AIM OF THE EXERCISE — Could you transcribe each record below exactly as written, setting the pictures aside?

RECORDS FOR THIS EXERCISE —

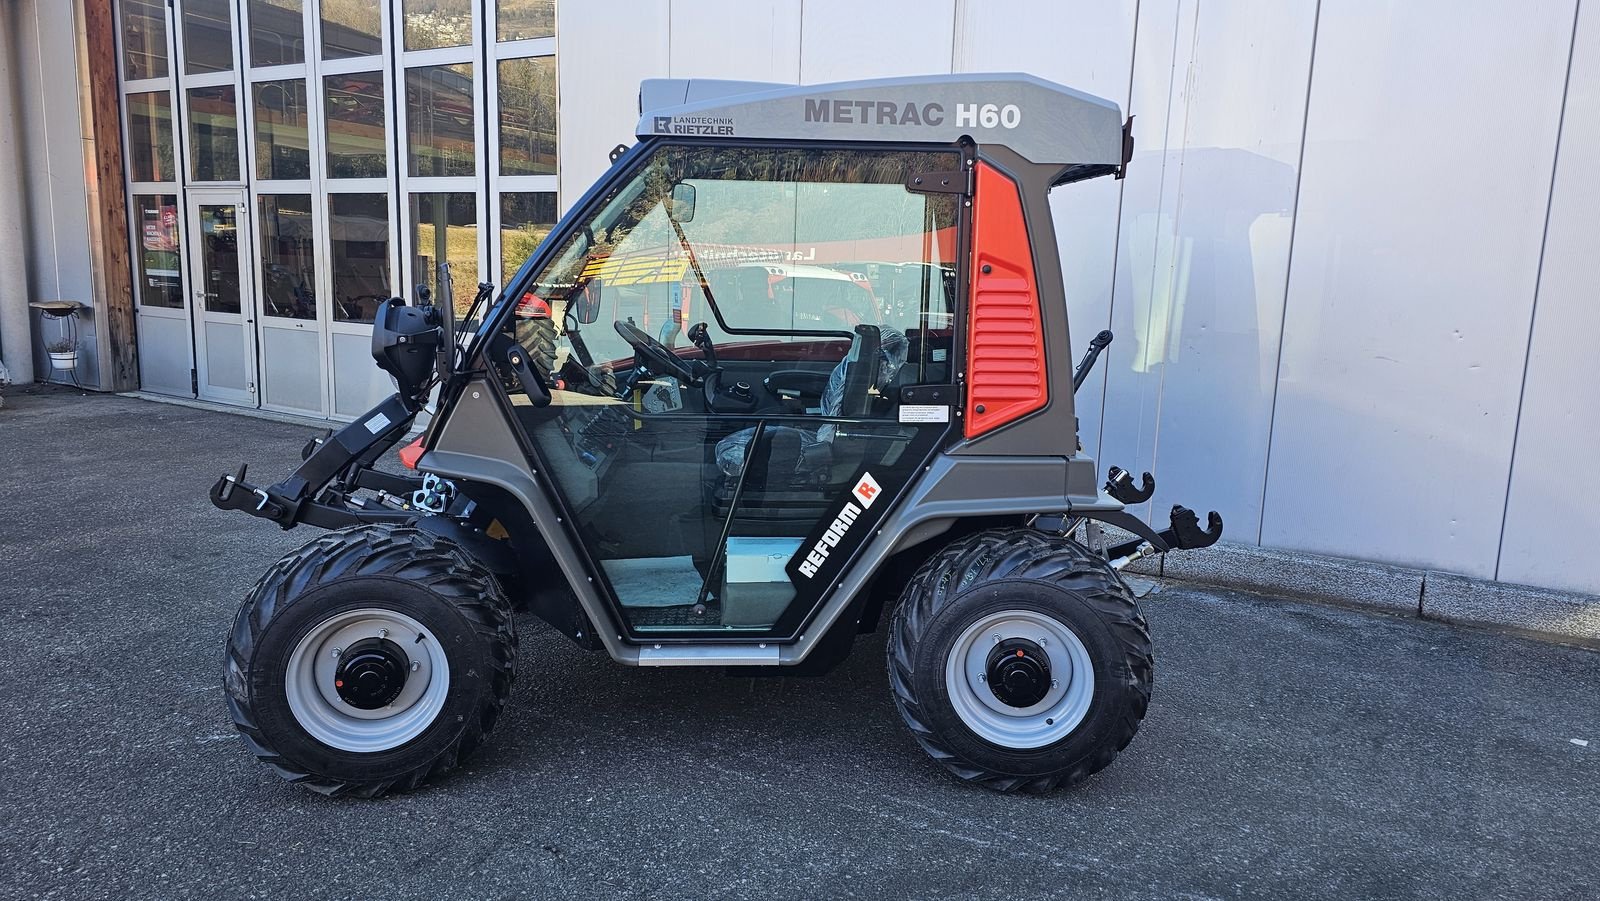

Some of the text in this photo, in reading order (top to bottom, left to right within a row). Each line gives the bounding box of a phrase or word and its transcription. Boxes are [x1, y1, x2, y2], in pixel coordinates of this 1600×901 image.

[674, 116, 734, 125] LANDTECHNIK
[804, 98, 1021, 129] METRAC H60
[674, 125, 735, 135] RIETZLER
[798, 481, 877, 579] REFORM R
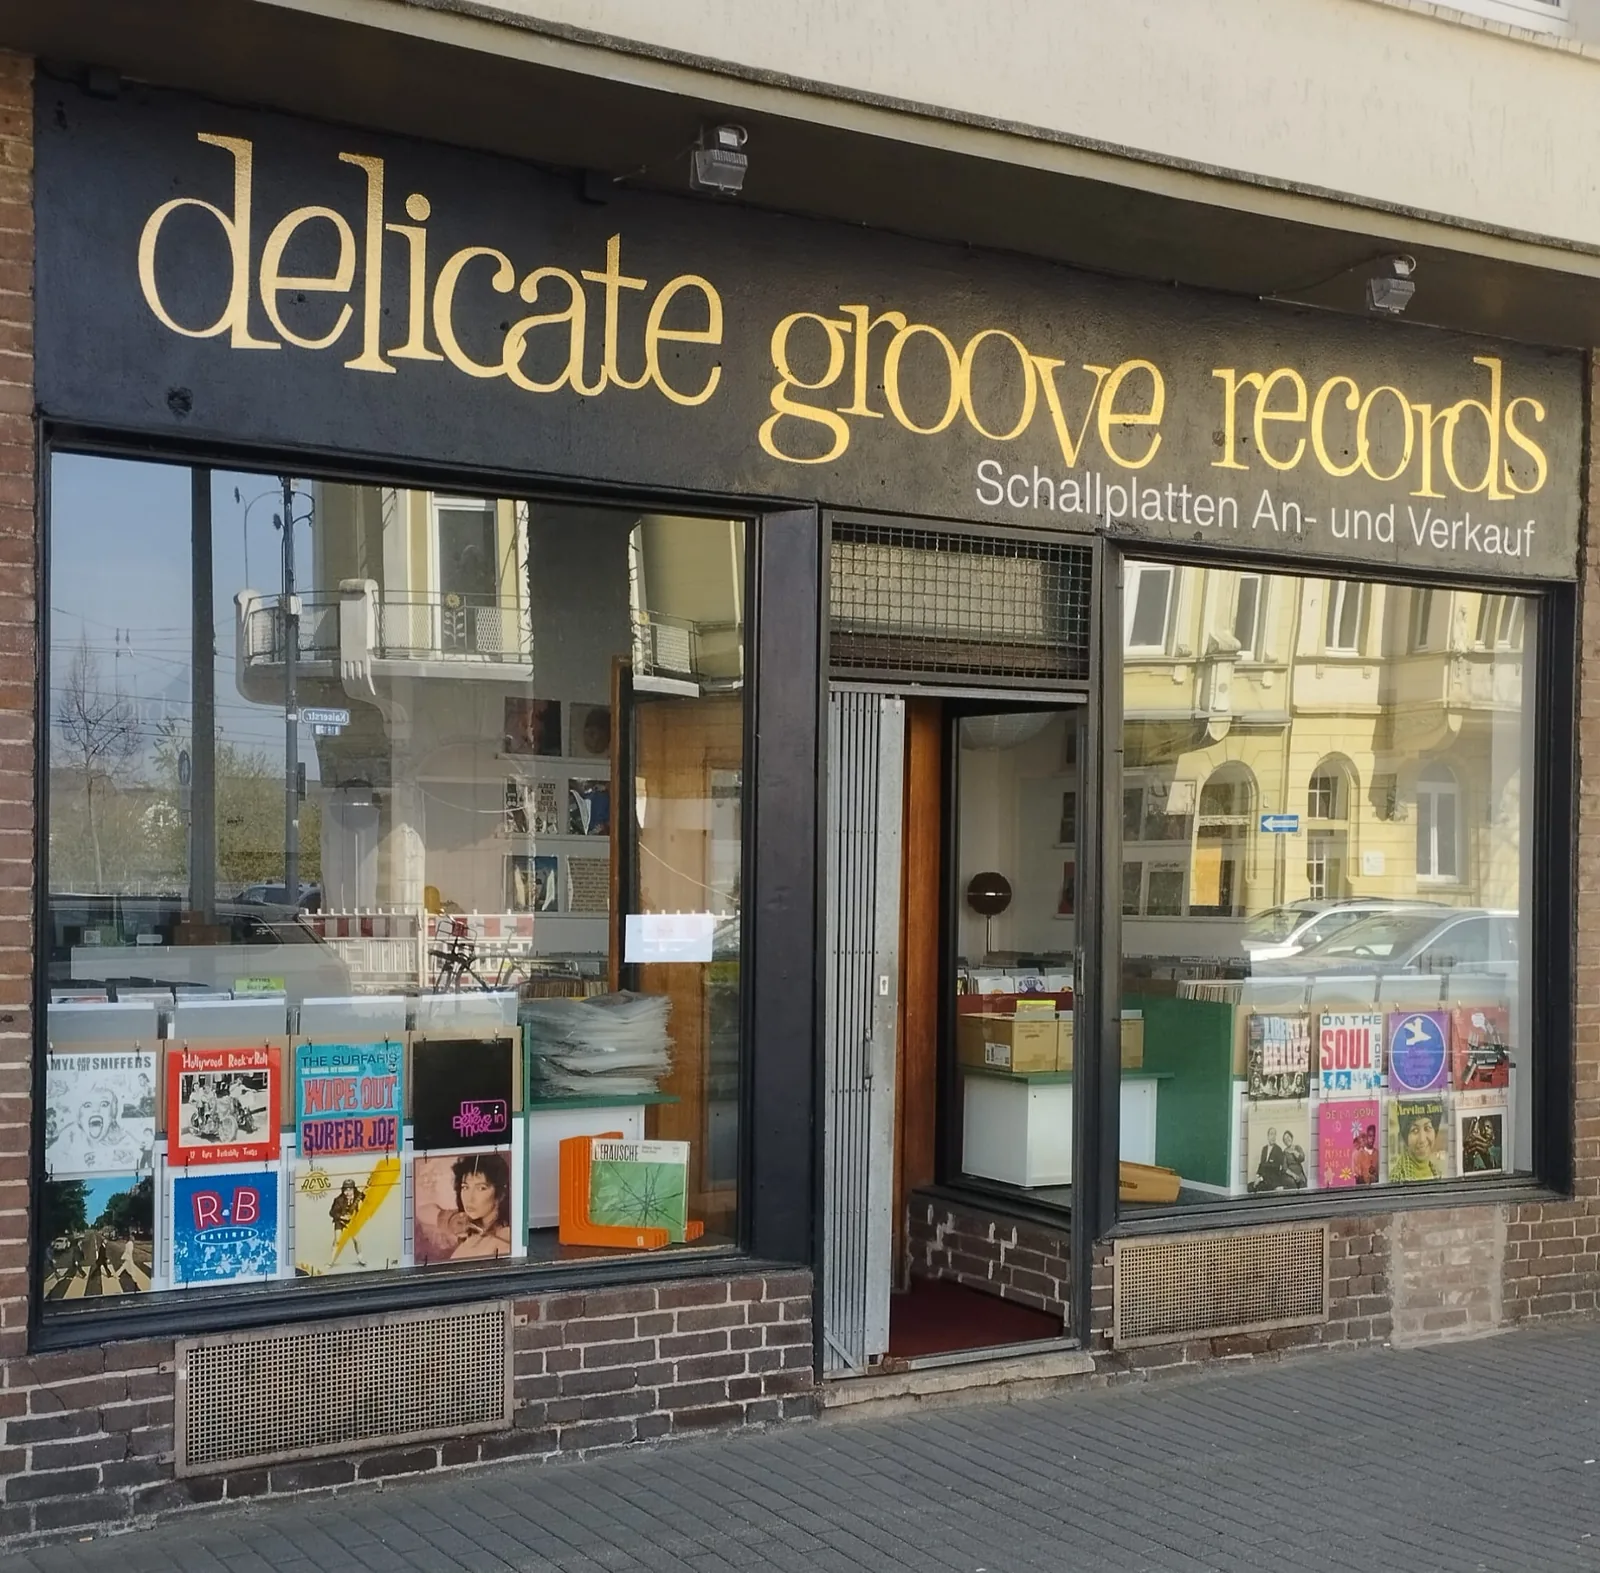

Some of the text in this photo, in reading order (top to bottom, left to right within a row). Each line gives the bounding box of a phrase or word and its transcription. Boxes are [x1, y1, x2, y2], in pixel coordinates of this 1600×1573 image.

[137, 132, 1548, 502] delicate groove records
[975, 458, 1537, 559] Schallplatten An- und Verkauf
[1322, 1015, 1382, 1026] ON THE
[92, 1056, 151, 1070] SNIFFERS
[182, 1053, 223, 1071] Hollywood
[301, 1053, 398, 1067] THE SURFARIS
[1321, 1028, 1372, 1071] SOUL
[304, 1076, 397, 1115] WIPE OUT
[303, 1117, 395, 1151] SURFER JOE
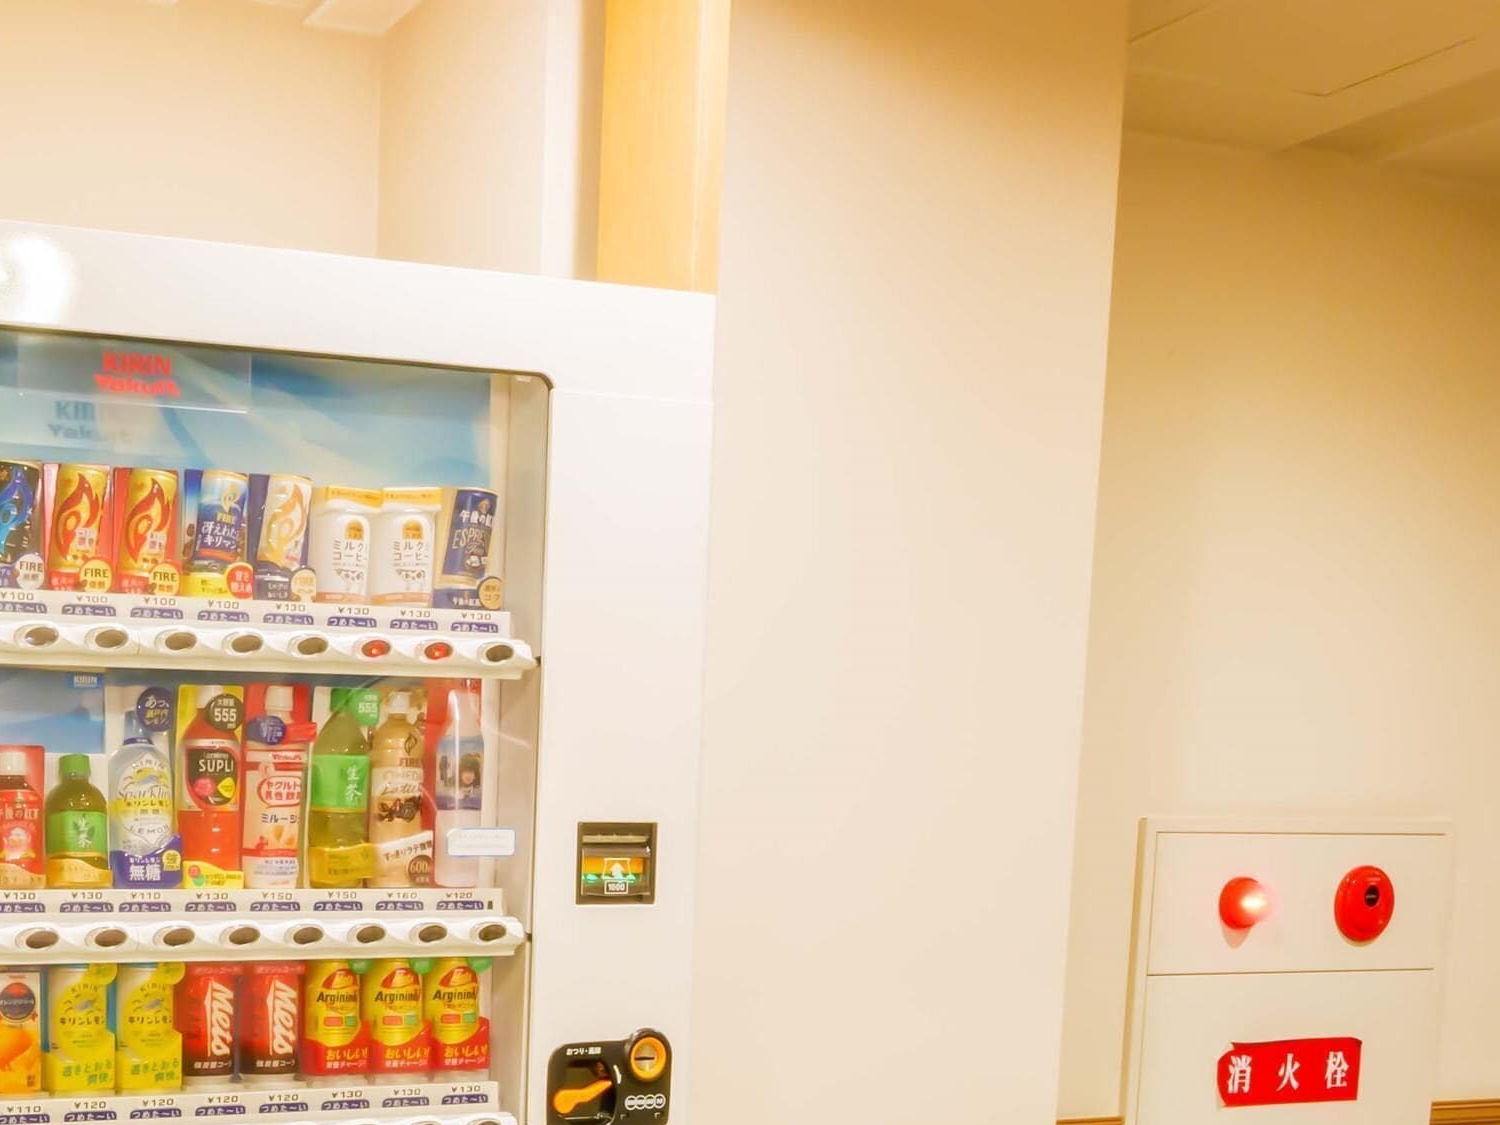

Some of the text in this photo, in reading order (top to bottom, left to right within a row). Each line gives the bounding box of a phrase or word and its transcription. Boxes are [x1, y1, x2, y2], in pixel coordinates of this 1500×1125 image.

[103, 349, 172, 376] KIRIN
[93, 373, 181, 397] Yakult
[332, 540, 365, 551] ミルク
[392, 541, 425, 552] ミルク
[19, 560, 44, 573] FIRE
[83, 567, 109, 579] FIRE
[152, 571, 178, 583] FIRE
[0, 591, 35, 601] ¥100
[76, 595, 108, 604] ¥100
[144, 597, 177, 607] ¥100
[208, 600, 240, 610] ¥100
[275, 602, 306, 613] ¥130
[338, 606, 370, 615] ¥130
[400, 609, 431, 618] ¥130
[461, 612, 492, 621] ¥130
[358, 702, 377, 714] 555
[213, 707, 237, 722] 555
[198, 759, 234, 773] SUPLI
[265, 779, 301, 790] ヤクルト
[346, 765, 362, 802] 生茶
[129, 864, 162, 882] 無糖
[3, 892, 36, 900] ¥130
[71, 892, 103, 900] ¥130
[131, 892, 161, 900] ¥110
[196, 892, 229, 900] ¥130
[262, 892, 292, 901] ¥150
[328, 891, 357, 899] ¥150
[387, 891, 418, 899] ¥160
[446, 891, 473, 899] ¥120
[211, 979, 235, 1056] Mets
[273, 979, 298, 1055] Mets
[1226, 1050, 1350, 1094] 消火栓
[332, 1090, 363, 1098] ¥130
[393, 1088, 421, 1096] ¥130
[451, 1085, 481, 1093] ¥130
[142, 1098, 175, 1107] ¥120
[208, 1095, 239, 1104] ¥120
[268, 1093, 299, 1102] ¥120
[7, 1105, 41, 1113] ¥110
[74, 1101, 107, 1109] ¥120
[66, 1111, 115, 1121] つめた〜い
[132, 1108, 180, 1118] つめた〜い
[197, 1106, 244, 1116] つめた〜い

ANSWER BOX —
Some of the text in this photo, in reading order (top to bottom, left to right within a row). Each line gives the bounding box of a phrase or word and its transcription. Boxes are [x1, y1, x2, y2], in pixel coordinates of this 1600×901 image.

[674, 116, 734, 125] LANDTECHNIK
[804, 98, 1021, 129] METRAC H60
[674, 125, 735, 135] RIETZLER
[798, 481, 877, 579] REFORM R

Some of the text in this photo, in reading order (top to bottom, left to right within a row). Each line gives the bounding box of a phrase or word and its transcription. Boxes are [x1, y1, x2, y2], in pixel coordinates of this 1600×1573 image.

[137, 132, 1548, 502] delicate groove records
[975, 458, 1537, 559] Schallplatten An- und Verkauf
[1322, 1015, 1382, 1026] ON THE
[92, 1056, 151, 1070] SNIFFERS
[182, 1053, 223, 1071] Hollywood
[301, 1053, 398, 1067] THE SURFARIS
[1321, 1028, 1372, 1071] SOUL
[304, 1076, 397, 1115] WIPE OUT
[303, 1117, 395, 1151] SURFER JOE

Some of the text in this photo, in reading order (top to bottom, left to right within a row). Each line gives the bounding box of a phrase or word and its transcription. Boxes are [x1, y1, x2, y2], in pixel coordinates of this 1500×1125 image.

[103, 349, 172, 376] KIRIN
[93, 373, 181, 397] Yakult
[332, 540, 365, 551] ミルク
[392, 541, 425, 552] ミルク
[19, 560, 44, 573] FIRE
[83, 567, 109, 579] FIRE
[152, 571, 178, 583] FIRE
[0, 591, 35, 601] ¥100
[76, 595, 108, 604] ¥100
[144, 597, 177, 607] ¥100
[208, 600, 240, 610] ¥100
[275, 602, 306, 613] ¥130
[338, 606, 370, 615] ¥130
[400, 609, 431, 618] ¥130
[461, 612, 492, 621] ¥130
[358, 702, 377, 714] 555
[213, 707, 237, 722] 555
[198, 759, 234, 773] SUPLI
[265, 779, 301, 790] ヤクルト
[346, 765, 362, 802] 生茶
[129, 864, 162, 882] 無糖
[3, 892, 36, 900] ¥130
[71, 892, 103, 900] ¥130
[131, 892, 161, 900] ¥110
[196, 892, 229, 900] ¥130
[262, 892, 292, 901] ¥150
[328, 891, 357, 899] ¥150
[387, 891, 418, 899] ¥160
[446, 891, 473, 899] ¥120
[211, 979, 235, 1056] Mets
[273, 979, 298, 1055] Mets
[1226, 1050, 1350, 1094] 消火栓
[332, 1090, 363, 1098] ¥130
[393, 1088, 421, 1096] ¥130
[451, 1085, 481, 1093] ¥130
[142, 1098, 175, 1107] ¥120
[208, 1095, 239, 1104] ¥120
[268, 1093, 299, 1102] ¥120
[7, 1105, 41, 1113] ¥110
[74, 1101, 107, 1109] ¥120
[66, 1111, 115, 1121] つめた〜い
[132, 1108, 180, 1118] つめた〜い
[197, 1106, 244, 1116] つめた〜い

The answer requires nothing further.